The City’s “elsewhere’ status … stems from a simple formula: over centuries, sovereigns and governments have sought City loans, and in exchange the City has extracted privileges and freedoms from rules and laws”.

ABOVE: Sir John Boothman Studdard, an accountant, was Lord Mayor of the City of London (and Admiral of the Port of London) in 2006-7. Here he waves from the City’s coach.

Lord Glasman, an academic, wrote in The Financial Times (29 September 2014) that the Romans were “the City’s founders”. England was part of the Roman Empire from 43 AD until the empire collapsed on 4 September 476. In the Dark Ages (c. 500-c. 1500), England and West Europe succumbed to superstition.

The City’s “modern period” dates from 1066, when William the Conqueror “came friendly” and let the City keep its ancient rights. Lord Glasman said The City described itself in 1191 as a “commune” which “taxed itself, judged itself and governed itself”.

Magna Carta (June 1215) says: “ … the city of London shall have/enjoy its ancient liberties by land as well as by water..”

The City is said to have financed Henry V’s trip to France in 1415 which resulted in his surprise win at Agincourt.

During the reign of Queen Elizabeth I (1558-1603), The City began to use a lobbyist/enforcer, the Remembrancer.
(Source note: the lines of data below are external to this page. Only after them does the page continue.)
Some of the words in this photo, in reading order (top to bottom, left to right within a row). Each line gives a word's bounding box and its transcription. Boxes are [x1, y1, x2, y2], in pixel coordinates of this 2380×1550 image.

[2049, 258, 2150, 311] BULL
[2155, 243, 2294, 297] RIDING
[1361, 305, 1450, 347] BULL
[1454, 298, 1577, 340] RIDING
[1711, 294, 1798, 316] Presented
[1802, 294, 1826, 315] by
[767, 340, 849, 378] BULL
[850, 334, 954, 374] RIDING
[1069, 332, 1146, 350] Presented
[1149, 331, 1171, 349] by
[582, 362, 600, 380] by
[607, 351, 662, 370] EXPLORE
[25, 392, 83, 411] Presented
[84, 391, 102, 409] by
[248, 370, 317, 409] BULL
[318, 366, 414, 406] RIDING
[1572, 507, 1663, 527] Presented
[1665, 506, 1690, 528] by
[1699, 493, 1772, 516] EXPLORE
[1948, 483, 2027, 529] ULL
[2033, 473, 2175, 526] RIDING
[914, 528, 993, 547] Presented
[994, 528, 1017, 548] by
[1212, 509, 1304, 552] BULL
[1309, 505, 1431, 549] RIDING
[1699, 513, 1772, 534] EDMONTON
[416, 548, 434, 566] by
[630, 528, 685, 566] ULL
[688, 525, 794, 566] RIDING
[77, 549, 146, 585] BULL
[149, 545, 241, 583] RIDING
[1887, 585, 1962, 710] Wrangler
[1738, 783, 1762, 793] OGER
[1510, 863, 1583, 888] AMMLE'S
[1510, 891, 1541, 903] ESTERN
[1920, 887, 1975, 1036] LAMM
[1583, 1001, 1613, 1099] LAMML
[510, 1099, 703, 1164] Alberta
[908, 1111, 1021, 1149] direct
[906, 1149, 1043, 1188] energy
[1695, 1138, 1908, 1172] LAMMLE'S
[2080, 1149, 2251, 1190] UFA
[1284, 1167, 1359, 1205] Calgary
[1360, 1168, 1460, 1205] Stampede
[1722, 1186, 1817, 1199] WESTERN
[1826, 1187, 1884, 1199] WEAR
I like to think Her Majesty asked him: “Are you the muscle?”

The City was not above treason and murder. Lord Glasman said Stuart kings (1603-88) sought to impose their authority on the City, and that “one [attempt] led to the execution of the king”. The executioner separated Charles I’s head from his body on 30 January 1649.

Lord Glasman said King (1660-85) Charles II also tried to make The City subordinate to the monarchy. For some reason, the City did not get Charles but fixed his brother, James II: he was forced to abdicate in 1688. A Dutchman, Willem of Orange, was imported. He and his wife, May, James’s daughter, became joint monarchs as William (III) and Mary. He was known in Scotland and Ireland as King Billy.
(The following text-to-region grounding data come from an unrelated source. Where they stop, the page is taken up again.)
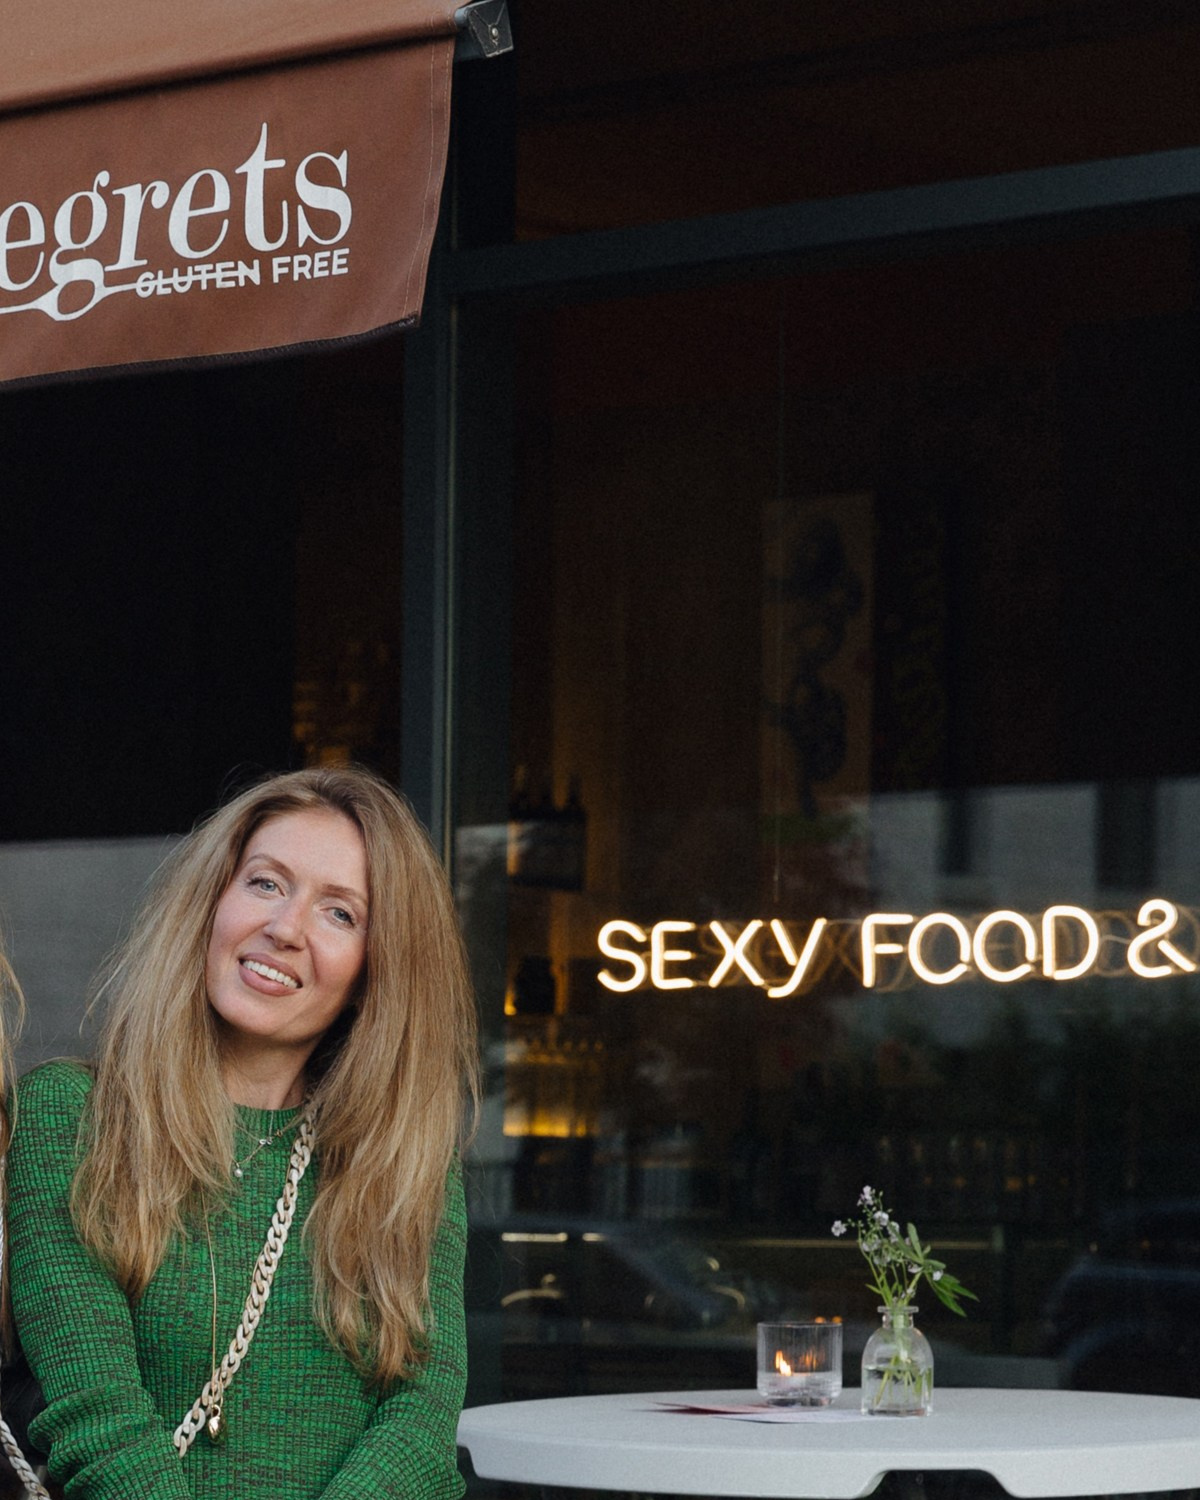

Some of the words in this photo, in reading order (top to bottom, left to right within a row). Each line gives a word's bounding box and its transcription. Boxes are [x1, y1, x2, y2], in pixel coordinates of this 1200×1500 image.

[135, 257, 261, 299] GLUTEN
[272, 247, 351, 284] FREE
[597, 917, 827, 999] SEXY
[860, 904, 1100, 989] FOOD
[1126, 898, 1197, 978] &
The payoff for The City people came in 1690; they got a new Charter which proclaimed noisily and at length:

“… the mayor, commonalty and citizens of London shall for ever hereafter  … have and enjoy all their rights, gifts, charters, grants, liberties, privileges, franchises, customs, usages, constitutions, prescriptions, immunities, markets, duties, tolls, lands, tenements, estates and hereditaments whatsoever.”

The City seems to have helped to make London what it is. Shaxson said in April 2016:

“London is the epicentre of so much of the sleaze that happens in the world. Usually there will be links to the City of London [Corporation], to UK law firms, to UK accountancy firms, and to UK banks.”
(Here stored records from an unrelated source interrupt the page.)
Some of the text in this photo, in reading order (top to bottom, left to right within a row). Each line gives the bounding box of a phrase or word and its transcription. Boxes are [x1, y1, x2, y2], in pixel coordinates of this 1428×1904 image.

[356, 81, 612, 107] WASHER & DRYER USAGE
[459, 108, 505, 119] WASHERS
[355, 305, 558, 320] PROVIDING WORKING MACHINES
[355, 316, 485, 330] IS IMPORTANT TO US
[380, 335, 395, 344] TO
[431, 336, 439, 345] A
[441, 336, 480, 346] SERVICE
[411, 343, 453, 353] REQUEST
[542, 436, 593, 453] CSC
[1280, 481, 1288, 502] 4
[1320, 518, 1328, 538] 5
Shaxson noted that The City has “a private fund built up over the last eight centuries, which, among many other things, helps buy off dissent. Only part of it is visible: the Freedom of Information Act applies solely to [The City’s] mundane functions as a local authority or police authority. Its assets are beyond proper democratic scrutiny.”

Queen needs OK to enter

Queen Elizabeth II cannot enter the City without permission.

Shaxson: “She meets a red cord raised by City police at Temple Bar, and then engages in a col­ourful ceremony involving the lord mayor, his sword, assorted aldermen and sheriffs, and a character called the Remembrancer …”

Shaxson said the Remembrancer is “the City’s official lobbyist in Parliament, sitting opposite the Speaker, and is ‘charged with maintaining and enhancing the City’s status and ensuring that its established rights are safeguarded’.” The Remembrancer’s office “watches out for political dissent against the City and lobbies on financial matters”.

After 2000 years, the secret and sinister City tells us much about England…and not a little about Australia.


Evan Whitton studied History at the University of Queensland, and won the Walkley Award for Journalism five times. The text of his eighth non-fiction book, Our Corrupt Legal System, can be seen at a section of a site run by legal academic Dr. Bob Moles:

BACKGROUND: The City is known as the ‘Square Mile’. It is 1.12 sq mi (2.90 km2). Throughout the 19th century, the City was the world’s primary business centre. London came top in the Worldwide Centres of Commerce Index, published in 2008. The City has a resident population of about 7000 (2011) but more than 300,000 people commute to work there, mainly in the financial services sector. The legal profession forms a major component of the northern and western sides of the City, especially in the Temple and Chancery Lane areas where the Inns of Court are located, of which two—Inner Temple and Middle Temple—fall within the City of London boundary.